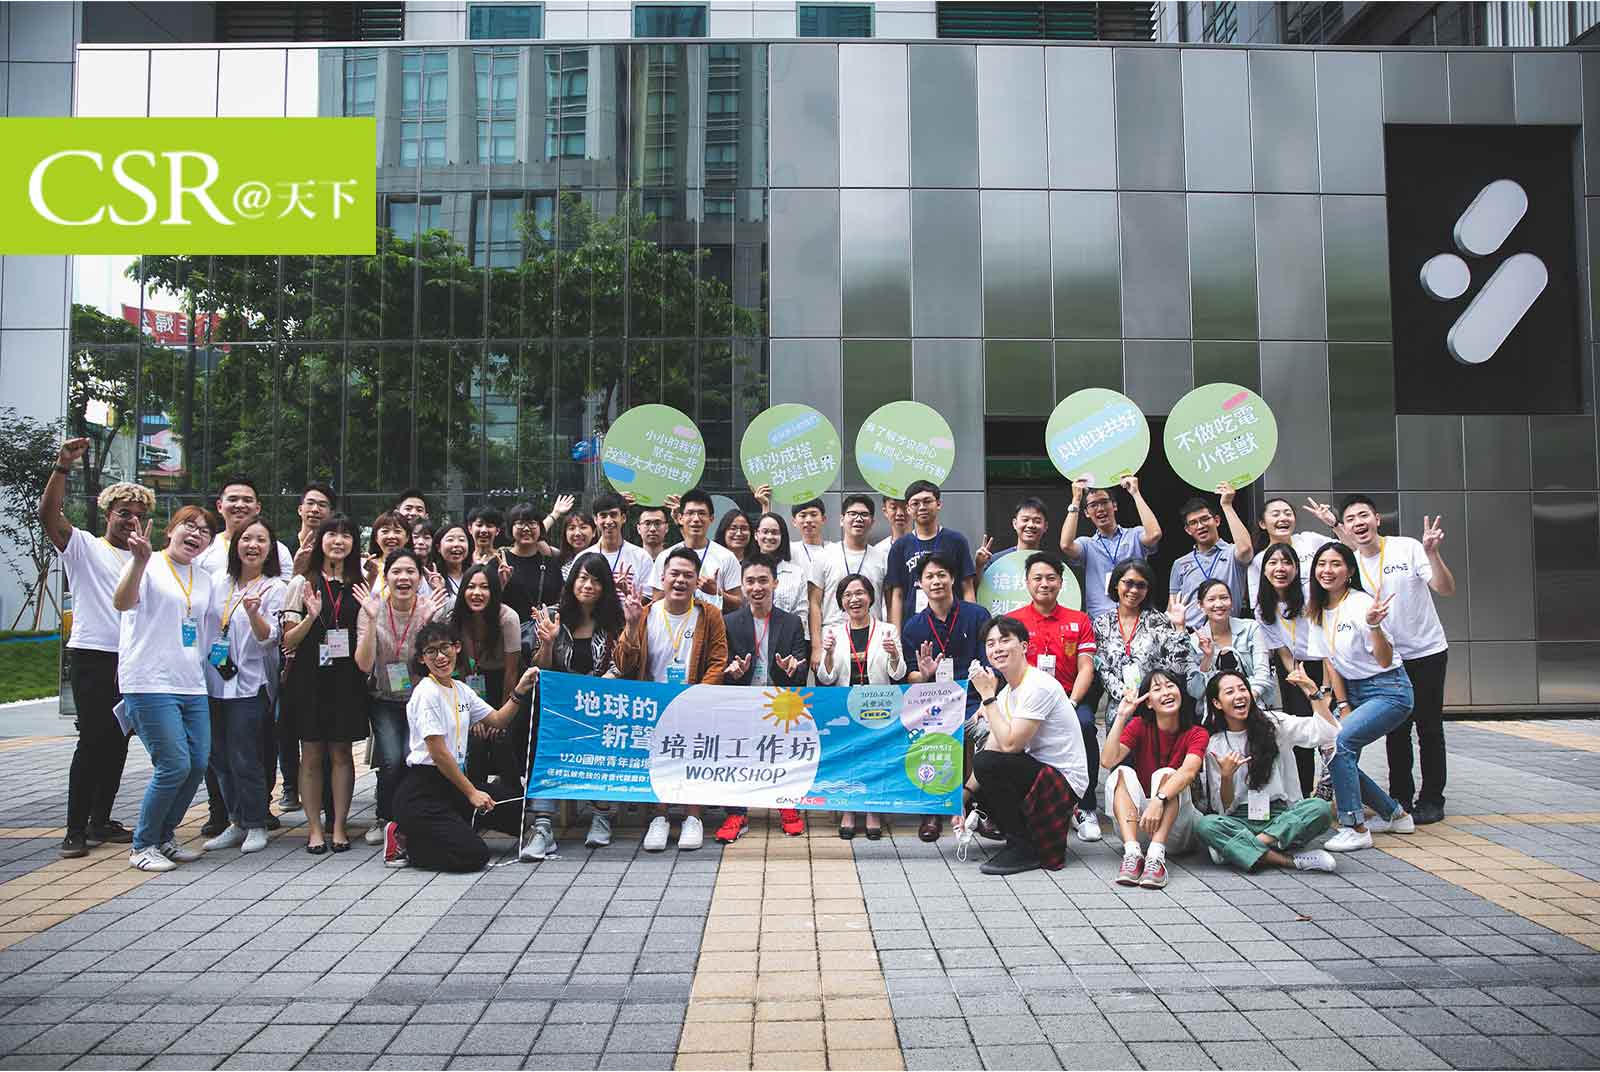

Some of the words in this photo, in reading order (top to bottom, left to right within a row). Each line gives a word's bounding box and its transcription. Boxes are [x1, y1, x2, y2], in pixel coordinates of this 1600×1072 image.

[1173, 405, 1258, 451] 不做吃電
[604, 446, 693, 485] 改變大大的世界
[747, 440, 812, 475] 積沙成塔
[1196, 431, 1259, 472] 小怪獸
[770, 454, 836, 486] 改變世界
[574, 689, 658, 722] 地球的
[862, 710, 889, 719] IKEA
[601, 723, 656, 750] 新聲
[660, 733, 817, 763] 培訓工作坊
[686, 766, 786, 783] WORKSHOP
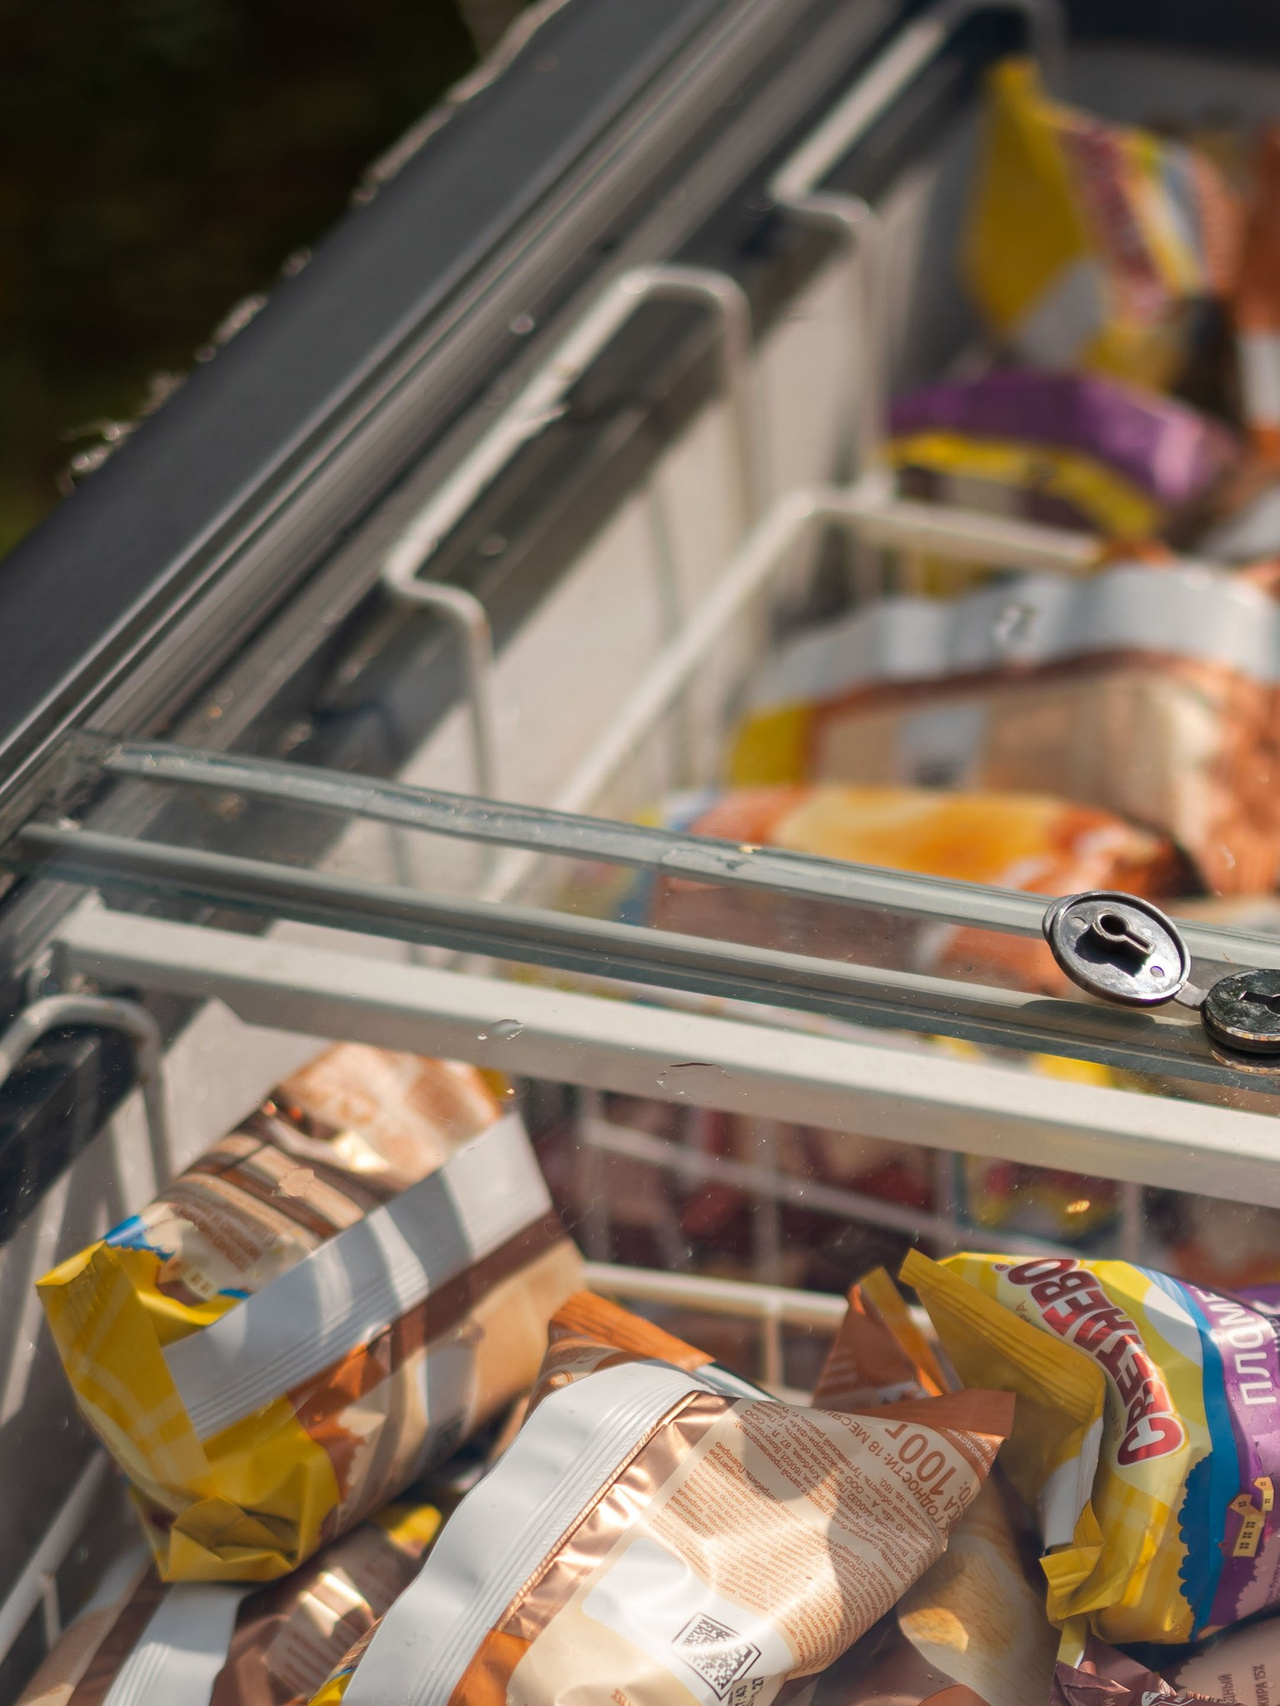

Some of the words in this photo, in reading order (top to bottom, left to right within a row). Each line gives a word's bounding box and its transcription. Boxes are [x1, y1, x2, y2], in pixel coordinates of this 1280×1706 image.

[1010, 1264, 1183, 1464] СВЕТАЕВО
[866, 1437, 886, 1459] 18
[894, 1429, 960, 1499] 100
[880, 1450, 946, 1526] ГОДНОСТИ:
[1250, 1664, 1267, 1679] 15%
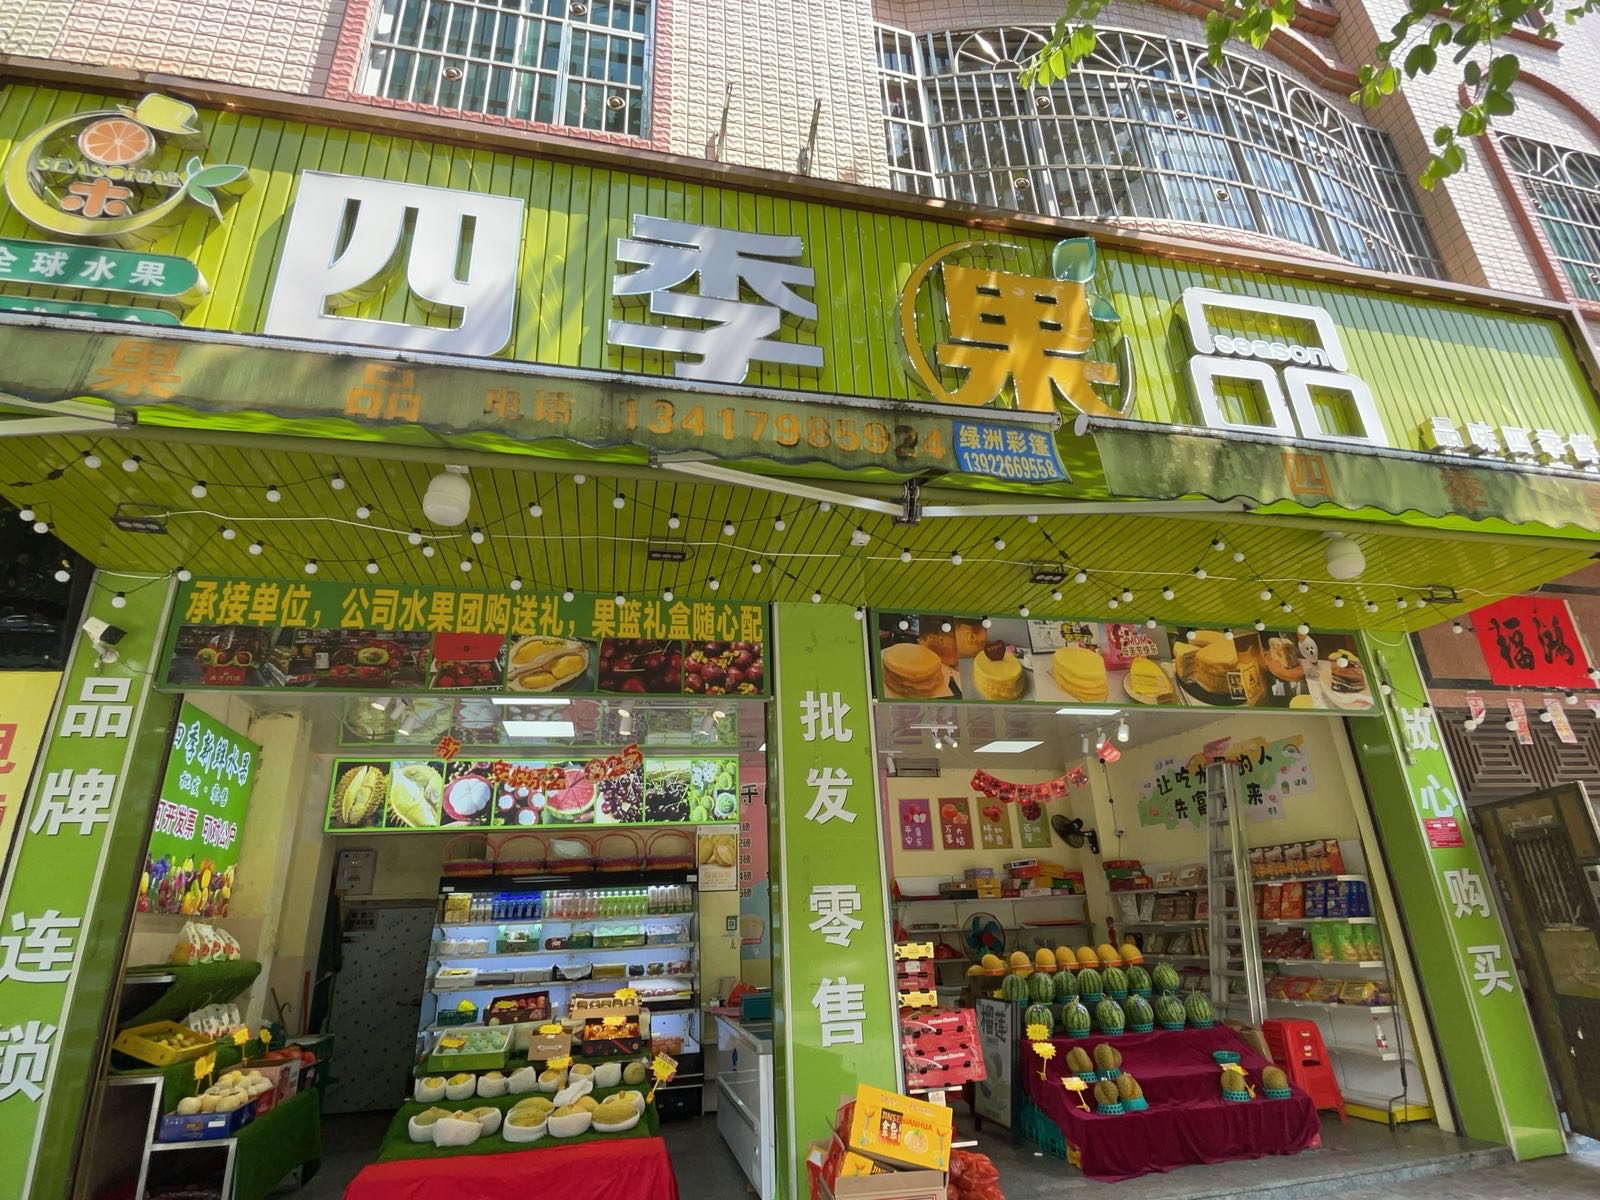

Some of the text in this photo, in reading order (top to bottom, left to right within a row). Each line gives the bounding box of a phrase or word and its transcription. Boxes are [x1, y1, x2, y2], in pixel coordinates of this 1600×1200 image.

[264, 168, 1387, 447] 四季果品
[1213, 333, 1332, 368] season
[484, 385, 575, 425] 电话
[963, 452, 1057, 478] 13922669558
[800, 690, 867, 1048] 批发零售
[1401, 707, 1514, 997] 放心购买
◇ ◇ ◇ ◇ ◇
__WHAT IS NEEDED__. The answer should consist only of the lines from the one with "this 1280×1706 image." through the last line of the material above, copied exactly, with no pictures.

__RESULT OF THIS TASK__.
Some of the words in this photo, in reading order (top to bottom, left to right within a row). Each line gives a word's bounding box and its transcription. Boxes are [x1, y1, x2, y2], in pixel coordinates of this 1280×1706 image.

[1010, 1264, 1183, 1464] СВЕТАЕВО
[866, 1437, 886, 1459] 18
[894, 1429, 960, 1499] 100
[880, 1450, 946, 1526] ГОДНОСТИ:
[1250, 1664, 1267, 1679] 15%

Some of the text in this photo, in reading order (top to bottom, left to right within a row). Each line gives the bounding box of a phrase or word and its transcription. Boxes are [x1, y1, x2, y2], in pixel coordinates of this 1600×1200 image.

[264, 168, 1387, 447] 四季果品
[1213, 333, 1332, 368] season
[484, 385, 575, 425] 电话
[963, 452, 1057, 478] 13922669558
[800, 690, 867, 1048] 批发零售
[1401, 707, 1514, 997] 放心购买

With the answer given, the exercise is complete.